By using Blue10, a part of the customer’s internal processes are outsourced. Therefore, customers must be able to rely on the security and availability of Blue10. To ensure our customers are able to fully rely on our software and services, an annual audit takes place by an independent IT audit organisation to test if Blue10 is meeting the objectives of SOC2. SOC2 is an internationally established standard that is specifically aimed at services of IT service providers. The SOC2 Assurance report differs from other traditional certifications, because the SOC2 Assurance report is more comprehensive, adheres to a standard and is carried out annually by an independent IT organisation. The Assurance Report is based on the General Assurance Guideline 3000. 2-Control, an IT audit organisation with certified IT auditors, has assessed our processes according to this standard.
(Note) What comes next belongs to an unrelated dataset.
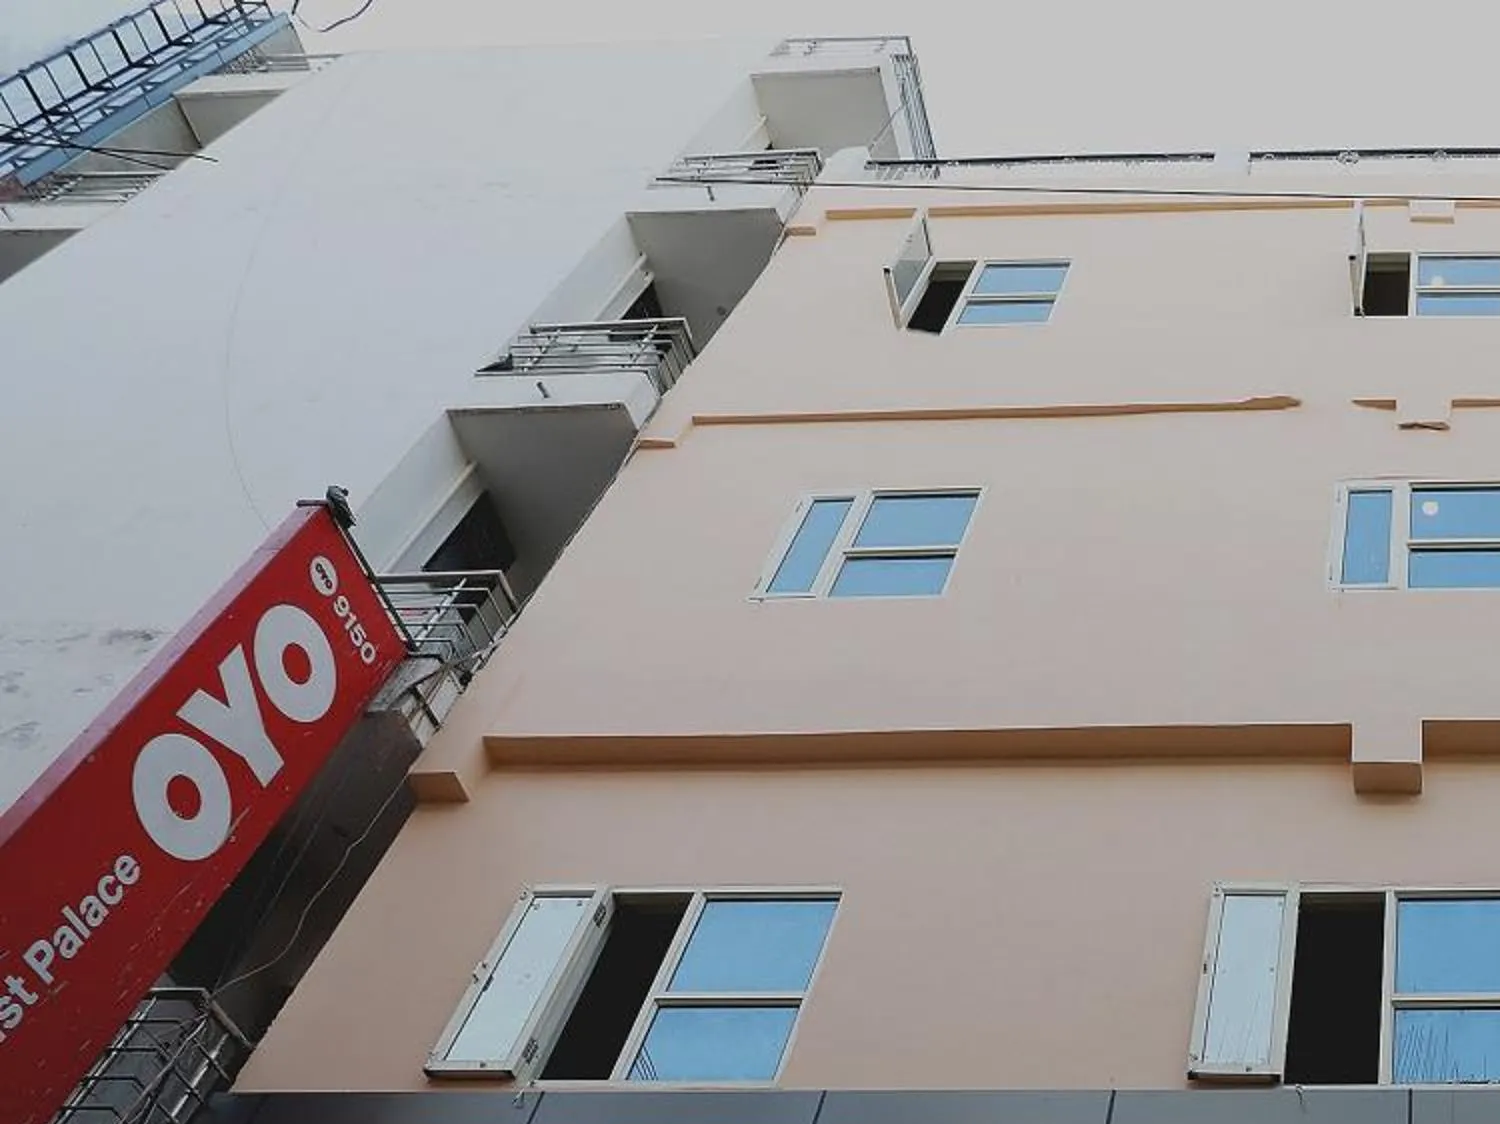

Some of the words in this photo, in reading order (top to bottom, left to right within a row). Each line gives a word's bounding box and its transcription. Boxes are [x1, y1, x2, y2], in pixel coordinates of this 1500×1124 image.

There is a distinction between a Type 1 and a Type 2 SOC report. The SOC2 Type 1 Assurance is considered a attestation report, focussed on the existence of procedures and controls and how the organisation intends to run its processes and controls. The follow-up to the SOC2 Type 1 report is a SOC2 Type 2 Assurance. With SOC2 Type 2, it is tested whether work has been done according to the established procedures and controls. To be able to maintain a SOC2 Type 2 statement, an annual audit takes place. The report provides information to whether the organisation in question has complied with the agreed processes and controls during the previous financial year.
Blue10 has completed the SOC2 audit for financial year 2021 and received the corresponding statement, in which 2-Control has issued a SOC2 Type 2 report. The 2-Control report provides existing and potential customers of Blue10 insight into the quality of the IT services we offer to our users.